[Start of section]
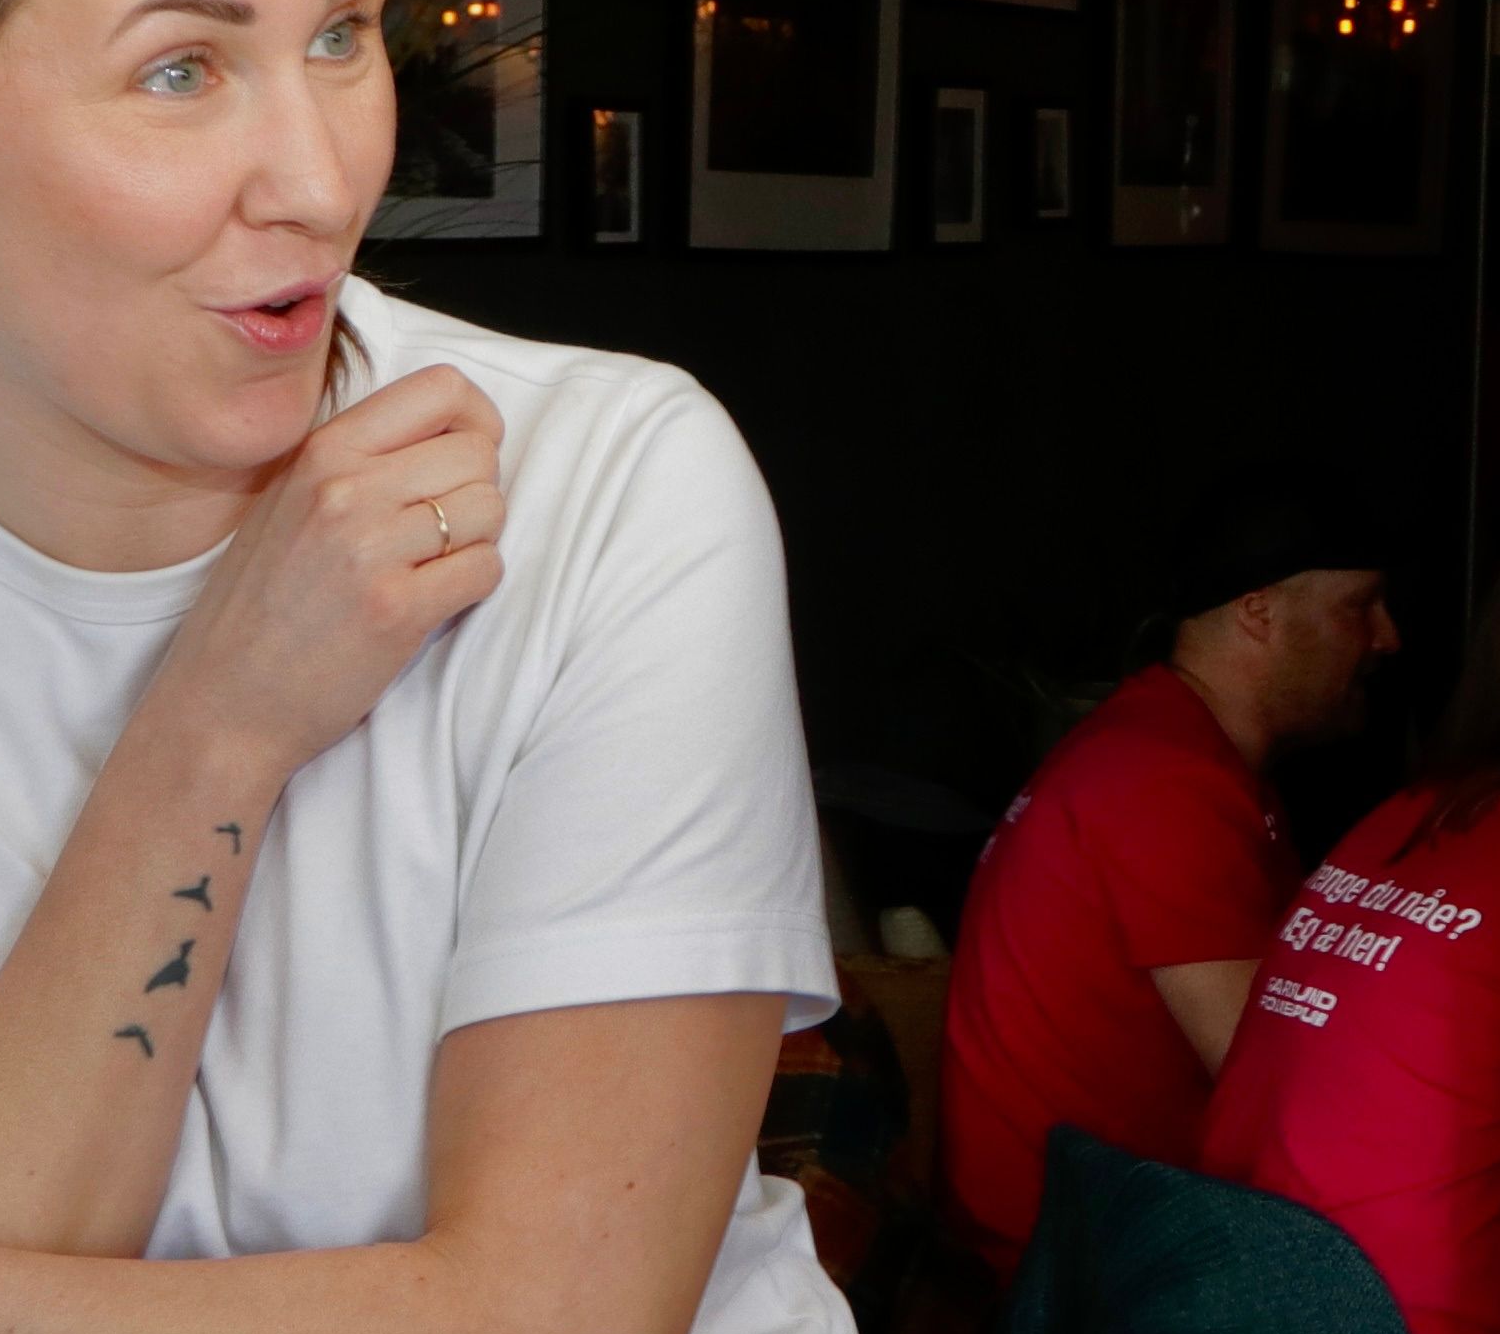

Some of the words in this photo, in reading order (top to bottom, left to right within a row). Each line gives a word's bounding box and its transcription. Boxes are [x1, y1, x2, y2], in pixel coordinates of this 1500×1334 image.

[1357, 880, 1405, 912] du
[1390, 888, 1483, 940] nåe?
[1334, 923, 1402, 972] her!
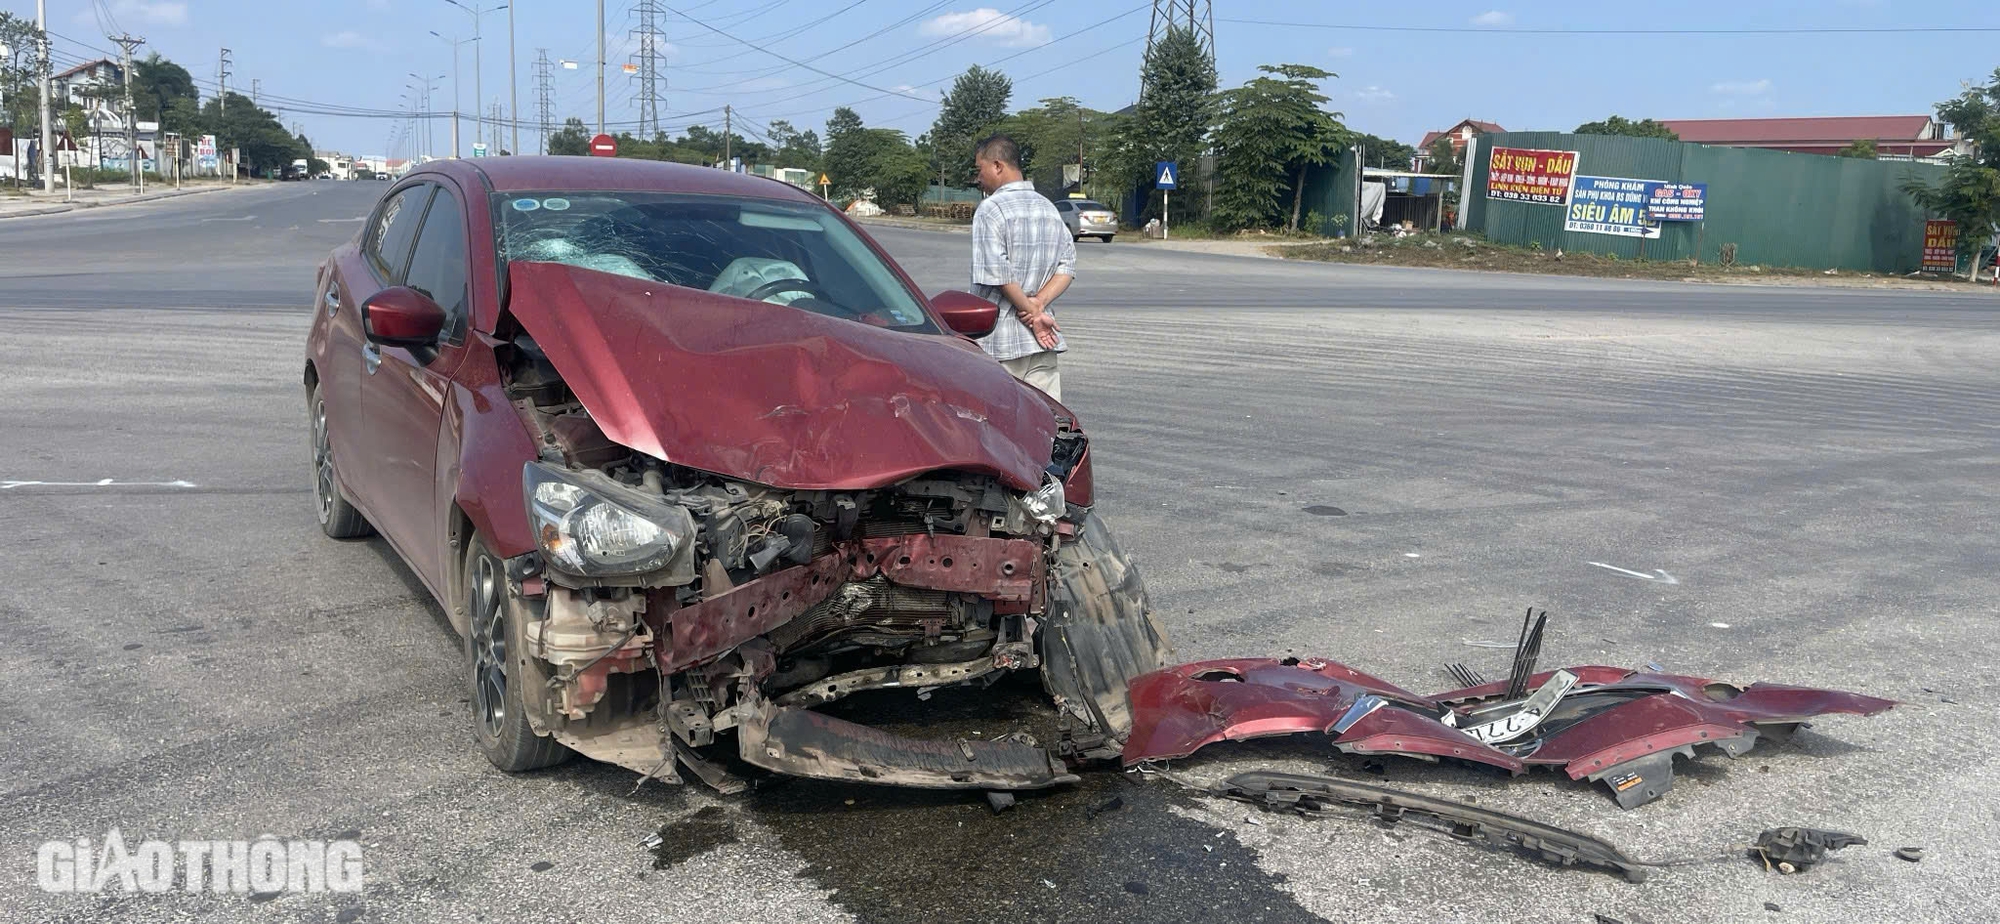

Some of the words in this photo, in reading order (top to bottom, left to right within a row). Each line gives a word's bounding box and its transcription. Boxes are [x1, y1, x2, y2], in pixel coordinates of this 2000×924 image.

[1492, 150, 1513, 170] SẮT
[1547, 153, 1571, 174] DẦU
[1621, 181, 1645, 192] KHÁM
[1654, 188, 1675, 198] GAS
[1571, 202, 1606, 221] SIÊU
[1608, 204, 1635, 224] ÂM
[End of section]
Exercise directions - Would you set down every line of the data above exactly, skipping the pictures?

Completed exercise -
Some of the words in this photo, in reading order (top to bottom, left to right within a row). Each line gives a word's bounding box and its transcription. Boxes are [x1, y1, x2, y2], in pixel coordinates of this 1500×1334 image.

[1357, 880, 1405, 912] du
[1390, 888, 1483, 940] nåe?
[1334, 923, 1402, 972] her!

Some of the words in this photo, in reading order (top to bottom, left to right within a row). Each line gives a word's bounding box and its transcription. Boxes are [x1, y1, x2, y2], in pixel coordinates of this 2000×924 image.

[1492, 150, 1513, 170] SẮT
[1547, 153, 1571, 174] DẦU
[1621, 181, 1645, 192] KHÁM
[1654, 188, 1675, 198] GAS
[1571, 202, 1606, 221] SIÊU
[1608, 204, 1635, 224] ÂM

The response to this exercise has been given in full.